The Meiotic Recombination Activator PRDM9 Trimethylates Both H3K36 and H3K4 at Recombination Hotspots In Vivo

In many mammals, including humans and mice, the zinc finger histone methyltransferase PRDM9 performs the first step in meiotic recombination by specifying the locations of hotspots, the sites of genetic recombination. PRDM9 binds to DNA at hotspots through its zinc finger domain and activates recombination by trimethylating histone H3K4 on adjacent nucleosomes through its PR/SET domain. Recently, the isolated PR/SET domain of PRDM9 was shown capable of also trimethylating H3K36 in vitro, raising the question of whether this reaction occurs in vivo during meiosis, and if so, what its function might be. Here, we show that full-length PRDM9 does trimethylate H3K36 in vivo in mouse spermatocytes. Levels of H3K4me3 and H3K36me3 are highly correlated at hotspots, but mutually exclusive elsewhere. In vitro, we find that although PRDM9 trimethylates H3K36 much more slowly than it does H3K4, PRDM9 is capable of placing both marks on the same histone molecules. In accord with these results, we also show that PRDM9 can trimethylate both K4 and K36 on the same nucleosomes in vivo, but the ratio of K4me3/K36me3 is much higher for the pair of nucleosomes adjacent to the PRDM9 binding site compared to the next pair further away. Importantly, H3K4me3/H3K36me3-double-positive nucleosomes occur only in regions of recombination: hotspots and the pseudoautosomal (PAR) region of the sex chromosomes. These double-positive nucleosomes are dramatically reduced when PRDM9 is absent, showing that this signature is PRDM9-dependent at hotspots; the residual double-positive nucleosomes most likely come from the PRDM9-independent PAR. These results, together with the fact that PRDM9 is the only known mammalian histone methyltransferase with both H3K4 and H3K36 trimethylation activity, suggest that trimethylation of H3K36 plays an important role in the recombination process. Given the known requirement of H3K36me3 for double strand break repair by homologous recombination in somatic cells, we suggest that it may play the same role in meiosis.
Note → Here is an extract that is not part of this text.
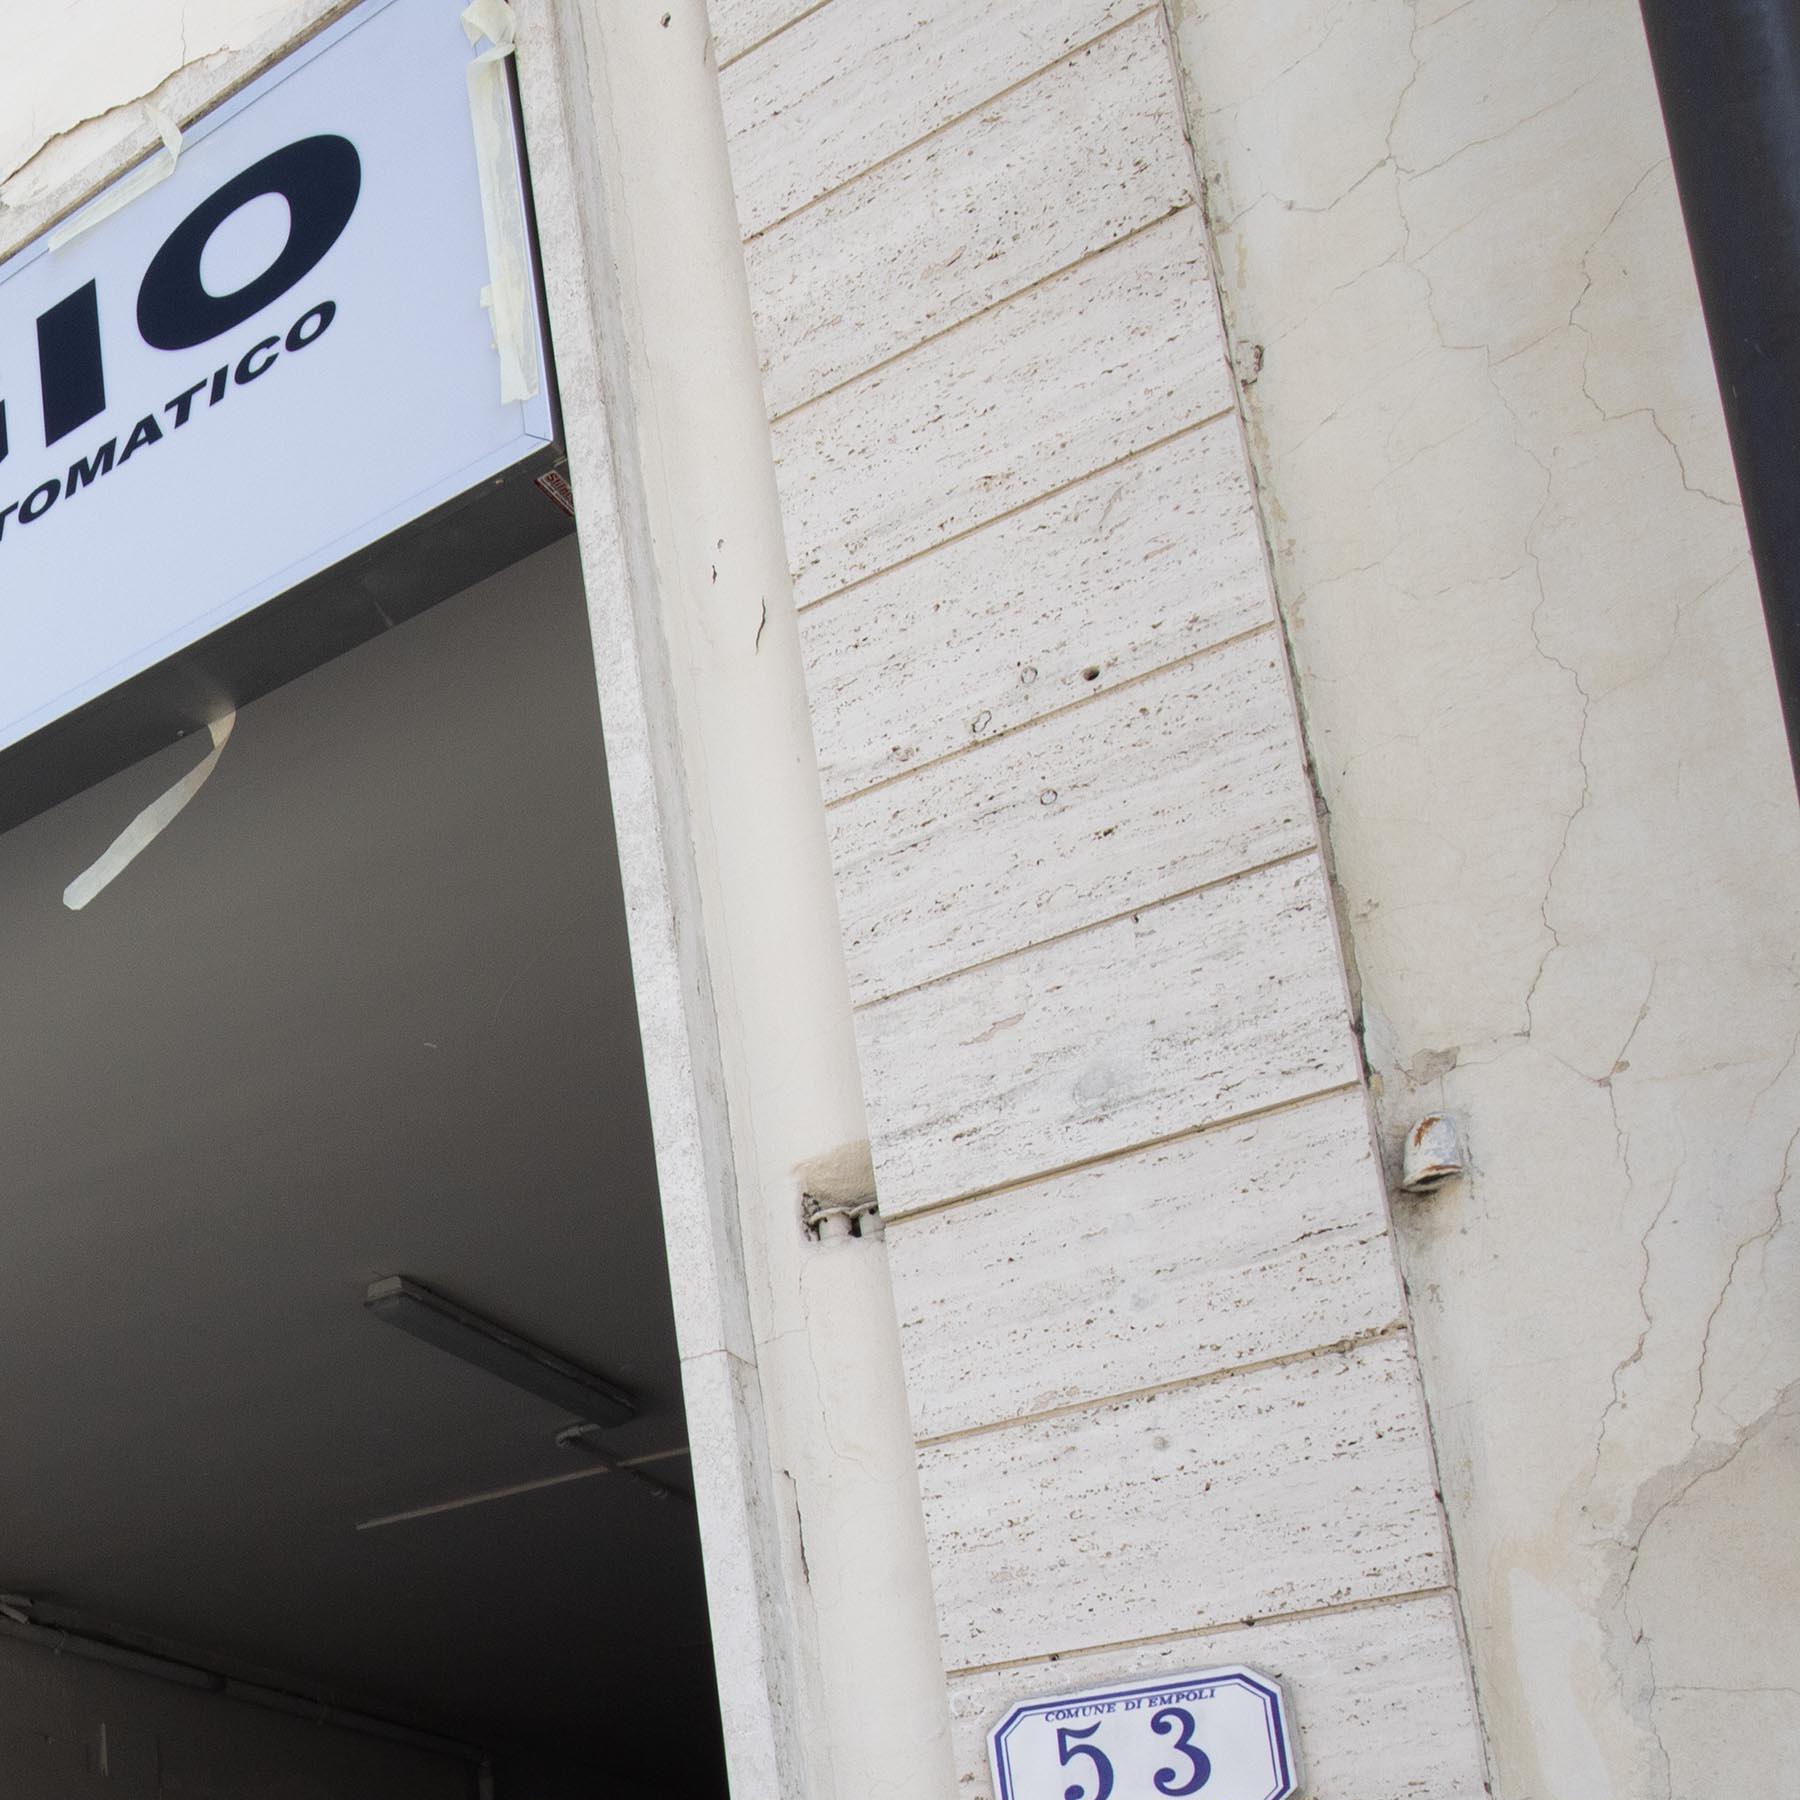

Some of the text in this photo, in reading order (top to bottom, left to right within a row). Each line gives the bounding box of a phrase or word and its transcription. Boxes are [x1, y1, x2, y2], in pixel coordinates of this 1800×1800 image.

[1045, 1688, 1216, 1722] COMUNE DI EMPOLI
Genetic recombination is the meiotic process by which novel combinations of alleles are passed on to the next generation. This process accelerates evolution by creating genetic diversity, and is also essential for successful meiosis. In mammals, the enzyme PRDM9 initiates recombination and determines the subset of sites within the genome—called recombination hotspots—that recombine. PRDM9 does this by binding DNA at hotspots and placing epigenetic marks. Previously, PRDM9 was only known to place the H3K4me3 mark at hotspots in living cells. Here, we show that PRDM9 places the H3K36me3 mark at hotspots, and that H3K4me3 and H3K36me3 coincide only at regions of recombination in germ cells. We prove that this coincidence is driven almost entirely by PRDM9; there is dramatically less coincidence between H3K4me3 and H3K36me3 when PRDM9 is absent. These results reveal a new enzymatic function for PRDM9, and a new epigenetic signature at hotspots that may restrict recombination to these sites. Since aberrant recombination can cause aneuploidy resulting in fetal loss, and abnormal genome rearrangements that underlie many congenital syndromes and some cancers, a thorough understanding of this fundamental process has potentially far-reaching implications.